The company's latest research suggests that displaying too many adverts, offering poor navigation tools, or featuring too many new digital technologies are some of the common mistakes that marketers make, resulting in willing customers being pushed away from e-commerce web sites.

"Effective digital customer experiences are developed through understanding the behaviours and habits of digital customers first, and the application of new technology only as a response to their preferences," explained Adam Froman, president and CEO for Delvinia Group. "Companies that dive into marketing online without this understanding risk damaging their reputation, brand and customer relationships by providing a poor digital customer experience."

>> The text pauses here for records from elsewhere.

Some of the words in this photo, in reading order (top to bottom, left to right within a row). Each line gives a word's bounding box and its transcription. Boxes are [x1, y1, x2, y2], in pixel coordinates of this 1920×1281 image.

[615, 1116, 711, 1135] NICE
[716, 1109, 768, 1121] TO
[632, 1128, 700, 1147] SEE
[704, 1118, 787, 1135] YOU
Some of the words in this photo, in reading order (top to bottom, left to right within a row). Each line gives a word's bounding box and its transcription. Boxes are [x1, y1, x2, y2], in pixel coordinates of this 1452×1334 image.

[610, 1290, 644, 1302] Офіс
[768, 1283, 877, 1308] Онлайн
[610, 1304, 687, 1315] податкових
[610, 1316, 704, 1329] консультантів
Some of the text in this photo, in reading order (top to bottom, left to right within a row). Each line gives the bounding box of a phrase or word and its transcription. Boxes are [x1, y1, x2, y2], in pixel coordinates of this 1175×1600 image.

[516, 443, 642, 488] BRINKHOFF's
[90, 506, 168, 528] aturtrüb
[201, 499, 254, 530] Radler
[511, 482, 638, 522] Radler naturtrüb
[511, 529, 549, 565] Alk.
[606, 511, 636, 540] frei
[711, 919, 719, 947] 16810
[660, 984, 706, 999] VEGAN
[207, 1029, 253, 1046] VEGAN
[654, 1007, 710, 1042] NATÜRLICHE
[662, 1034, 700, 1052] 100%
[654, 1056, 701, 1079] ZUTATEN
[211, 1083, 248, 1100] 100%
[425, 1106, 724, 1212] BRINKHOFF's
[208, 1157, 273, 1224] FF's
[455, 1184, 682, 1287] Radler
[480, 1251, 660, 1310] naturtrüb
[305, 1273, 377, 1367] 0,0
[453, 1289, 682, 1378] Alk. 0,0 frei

Delvinia's study identified the six common mistakes made by digital marketers, which it calls "digital diseases", including:

  1. Widgetitis - the compulsion to include the latest and greatest widgets on a web site regardless of whether they're necessary, desirable, or even supported by most customers' web browser software. (The Wise Marketer notes that many of the latest technologies lag far behind in support for mobile and PDA browsing software, which effectively eliminates one of the fastest-growing tech-savvy consumer segments.)
  2. Obsessive Content Disorder - an irrational fear of removing old content from a web site.
  3. Datapox - in which a healthy customer relationship is overwhelmed by intruding tools, data, and seldom-necessary options that make the web site's core purpose convoluted, difficult, and frustrating.
  4. Adtheria - which happens when marketers feel too strongly about advertising other products and services (whether their own or another company's) at the expense of the customer's overall experience.
  5. Monotyposis - which is most apparent when the online customer experience effectively blocks contact, connection, or conversation with the brand and the company.
  6. Navigation Deficiency Syndrome - when a web site offers very little ability to navigate, usually based on the fact there is simply too much content to look through.

"The good news is that these digital diseases can be cured by a marketers having a clear understanding of what their digital customers really want, and by building online experiences based on that knowledge to nurture loyalty, increase online traffic, and build stronger relationships. This ultimately means better bottom line results," concluded Steve Mast, vice president for Delvinia Interactive.